COVID-19 Virus and Antibody Testing

PartnerMD offers both COVID-19 virus and antibody testing in our offices.

The virus test is a nasal swab and the antibody test requires a blood draw conducted in our offices. Both are then sent off to lab providers and require 2-5 days for processing and results.

Due to the limited supply of both, we ask that our members help the healthcare system by doing our part and only receiving testing when you are a key candidate. Your PartnerMD physician will help you determine if you should be tested, and if so, which test is most appropriate for you.

What is the value? Why should someone get it?

We understand that most people want to get tested, but we ask that we all do our part to help our healthcare system prioritize those who need testing more quickly than others.

The virus nasal swab test tells you if you currently have the virus. The antibody test tells you if you have had it in the past by showing if your body has created antibodies to it.  If you test positive for the antibodies, then you have some immunity to it, but we don’t know how much immunity or for how long.
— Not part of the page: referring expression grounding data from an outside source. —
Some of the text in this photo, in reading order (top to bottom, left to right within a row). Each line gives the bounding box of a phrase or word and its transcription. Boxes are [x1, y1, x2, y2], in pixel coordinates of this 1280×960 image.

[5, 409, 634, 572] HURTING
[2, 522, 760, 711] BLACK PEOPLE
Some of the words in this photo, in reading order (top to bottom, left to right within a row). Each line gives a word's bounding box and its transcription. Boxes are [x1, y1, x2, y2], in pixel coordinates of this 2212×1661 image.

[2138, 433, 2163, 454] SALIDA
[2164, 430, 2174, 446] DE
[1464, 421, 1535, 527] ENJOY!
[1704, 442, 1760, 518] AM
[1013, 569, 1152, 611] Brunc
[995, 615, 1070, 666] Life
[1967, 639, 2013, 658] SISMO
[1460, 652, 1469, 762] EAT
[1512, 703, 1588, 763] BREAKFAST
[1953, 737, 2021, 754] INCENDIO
Watch this video for an easy-to-understand explanation of the science behind antibody testing from Dr. Steven Bishop.

For antibody testing, we are only drawing blood from a limited number of people each day to make sure that we can keep you safe. This allows us to see as many people as possible while still thoroughly cleaning the room between every patient.
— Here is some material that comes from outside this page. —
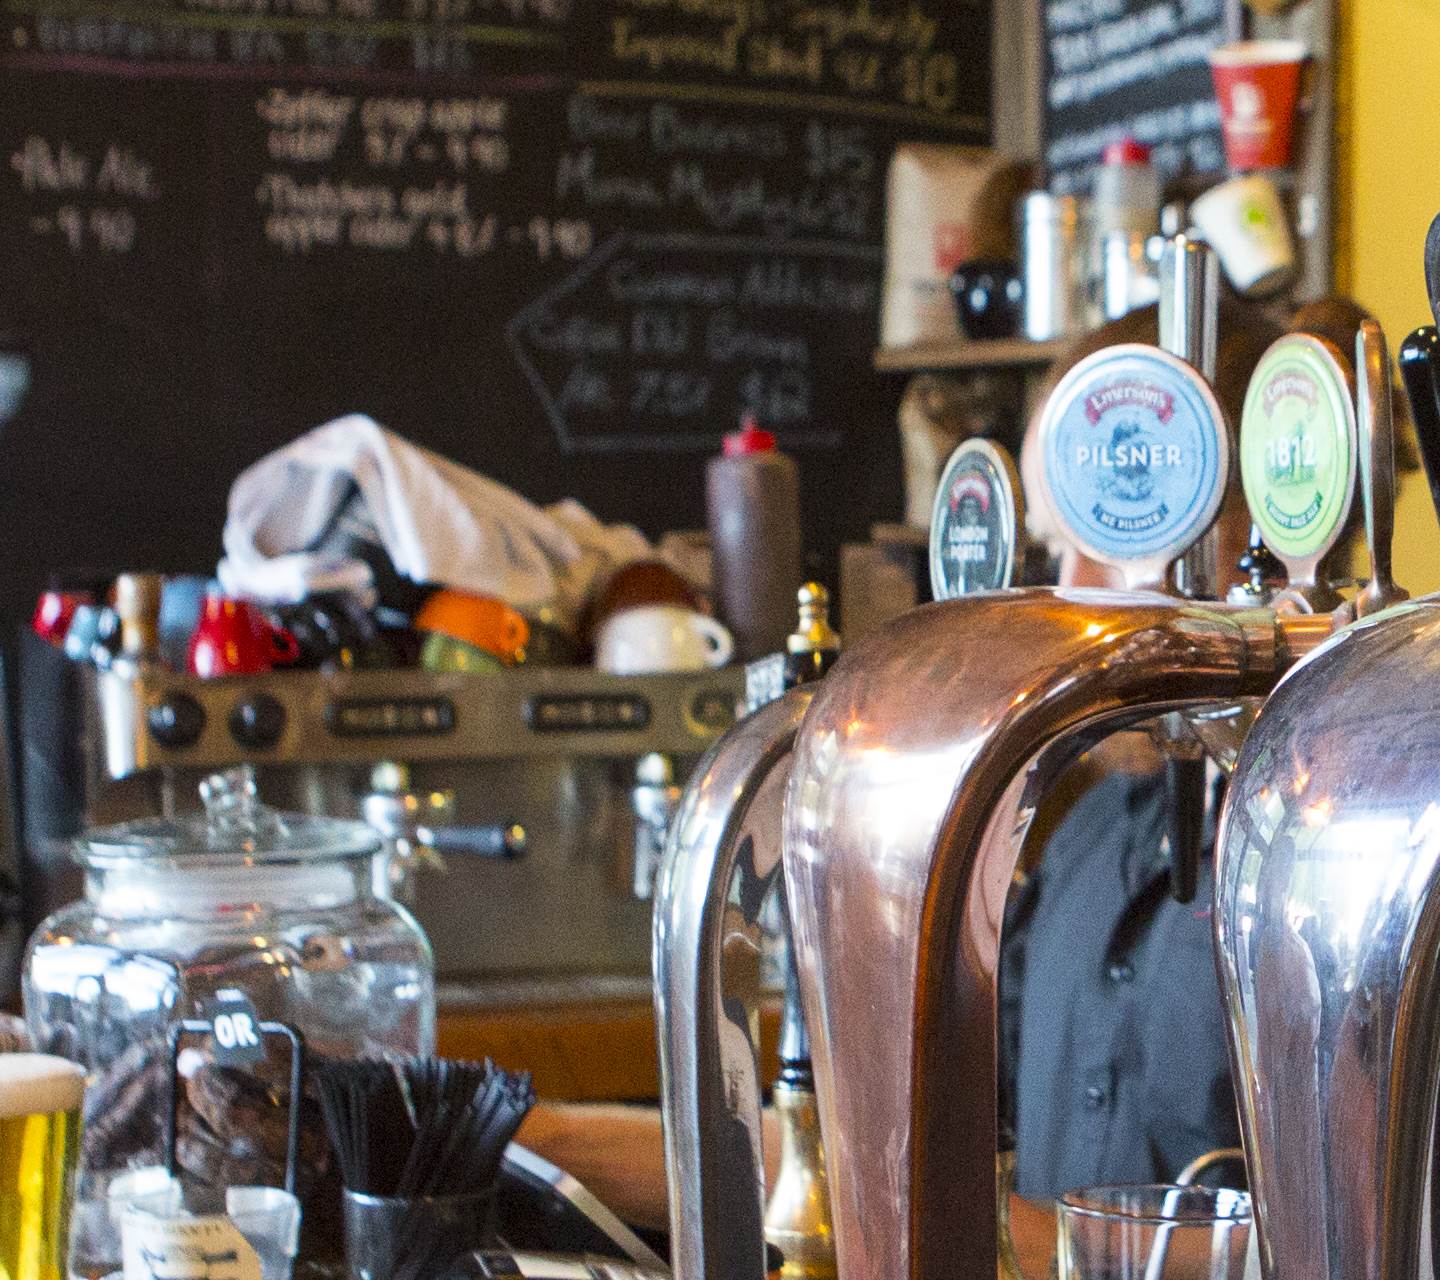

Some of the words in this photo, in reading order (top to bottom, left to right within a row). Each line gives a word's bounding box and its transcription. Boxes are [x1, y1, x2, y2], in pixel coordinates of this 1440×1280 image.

[1091, 383, 1168, 411] Emerson's
[1075, 443, 1182, 467] PILSNER
[1266, 439, 1317, 468] 1812
[214, 1013, 259, 1049] OR
If you are currently showing symptoms, call your doctor immediately for guidance on possible testing.

Who should get antibody testing?

As mentioned above, because of the limited supply at the moment, we are asking you to help us prioritize testing the following groups of patients:

  • Any healthcare provider – Until a COVID-19 vaccine is developed, which is not expected for at least a year, it is important to figure out which healthcare providers have some type of immunity to the virus.
  • High-risk individuals – Anyone over 60 and/or has an underlying health condition (diabetes, heart disease, hypertension, etc.) AND who has been sick in the last three months.
  • Caregivers of High-risk individuals – If you are a caregiver who is taking care of and interacting with a high-risk individual (parents, grandparents, senior living facility employees, etc.).

Who should not get antibody testing yet?

If you are high risk and have not had symptoms commonly seen with COVID-19 since February, do not come out of your home just to expose yourself for a test. Stay home and continue to follow the recommended social distancing guidelines.

If you are low risk and have experienced symptoms, please wait and continue following the recommended social distancing guidelines until more testing is available.

If you are low risk and have not experienced symptoms, please also wait and continue following the recommended social distancing guidelines until more testing is available.

Will insurance cover the virus test or antibody tests?

Most insurance providers will likely cover the virus test and/or both antibody tests in full, with no co-pay requirement. We recommend checking with your insurance provider for more information to be sure.

PartnerMD will charge a draw fee and that is also likely covered by your insurance. The testing lab will charge your insurance for actual processing of the antibody test.

At this time, because of the newness of these tests, pricing for tests that aren’t covered by an insurance company have not been made available to us.

How do I schedule either virus testing or antibody testing?

Call your PartnerMD doctor or nurse to determine if you are a good candidate for either virus or antibody testing.

If you are confirmed as a good candidate, please wear your own mask to the appointment. No visitors are allowed to come with you. Please be on time, but not too early so there are as few people as possible in the lobby.

Your doctor will call you with the results and the significance of the findings.